When you publish Solidity code, you can include machine-readable license identifier in the beginning of the file. Usually, it looks like this:
// SPDX-License-Identifier: MIT
pragma solidity ^0.8.7;
...
However, sometimes I see the mark UNLICENSED
. Referring to Solidity doc, it says:
If you do not want to specify a license or if the source code is not open-source, please use the special value UNLICENSED.

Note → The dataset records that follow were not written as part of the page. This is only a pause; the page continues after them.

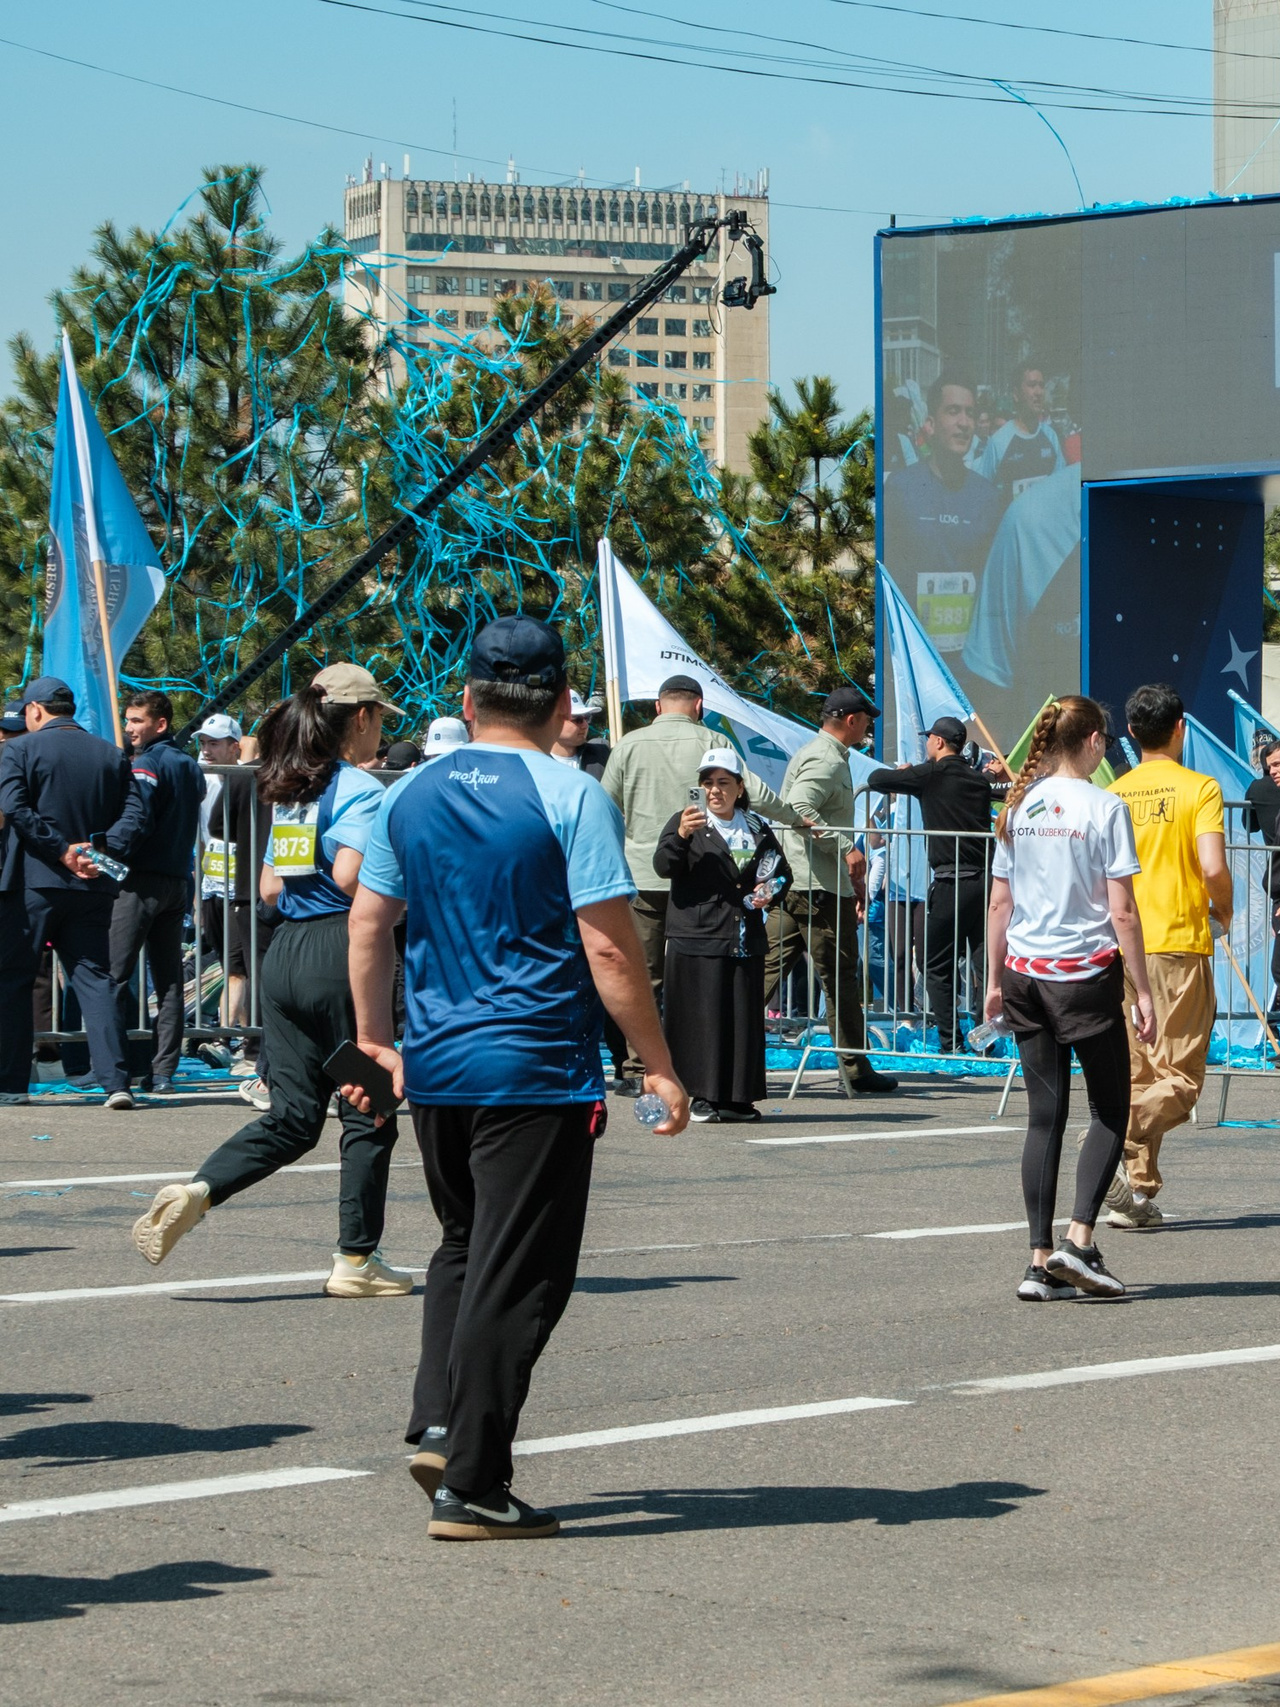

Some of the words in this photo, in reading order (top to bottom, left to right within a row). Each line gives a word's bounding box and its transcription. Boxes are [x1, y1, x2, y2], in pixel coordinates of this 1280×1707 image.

[448, 770, 469, 781] PRO
[477, 774, 500, 785] RUN
[1121, 786, 1176, 799] KAPITALBANK
[1037, 827, 1086, 841] UZBEKISTAN
[210, 859, 236, 873] 552
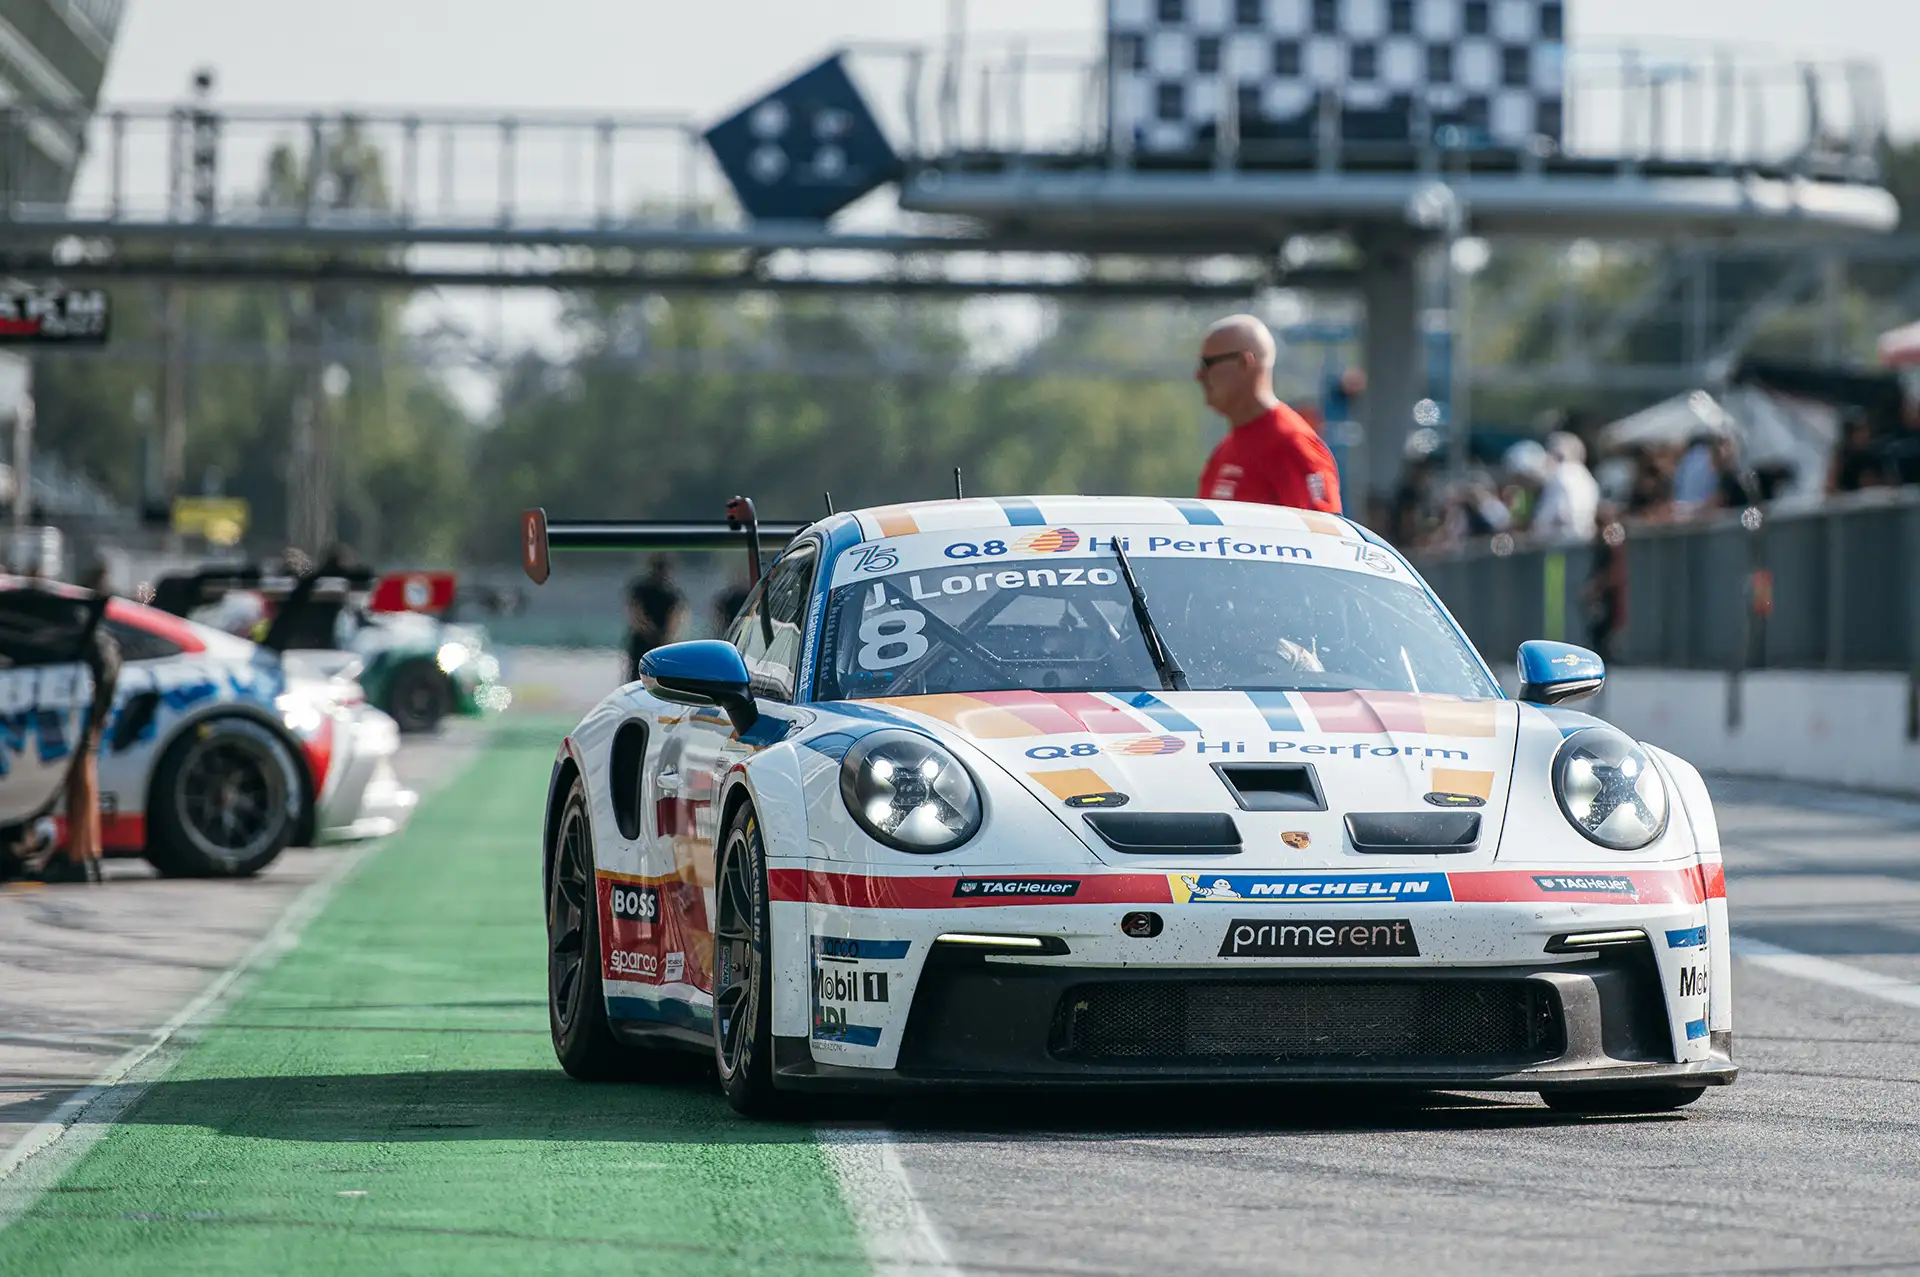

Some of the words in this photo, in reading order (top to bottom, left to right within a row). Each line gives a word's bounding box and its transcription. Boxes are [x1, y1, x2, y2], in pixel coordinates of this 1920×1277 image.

https://docs.soliditylang.org/en/latest/layout-of-source-files.html#spdx-license-identifier
BUT, there is also similarly-named UNLICENSE: https://unlicense.org/
What is the Unlicense? The Unlicense is a template for disclaiming copyright monopoly interest in software you've written; in other words, it is a template for dedicating your software to the public domain. It combines a copyright waiver patterned after the very successful public domain SQLite project with the no-warranty statement from the widely-used MIT/X11 license.
Going in the SPDX spec, again there's no option of UNLICENSED
, only UNLICENSE
, which seems to be the same as Unlicense.org. (https://spdx.org/licenses/)
What's the real difference between them? Is there any source where I can verifiably check if UNLICENSED
means what it's supposed to mean?
And most important, can I use the code marked UNLICENSED
?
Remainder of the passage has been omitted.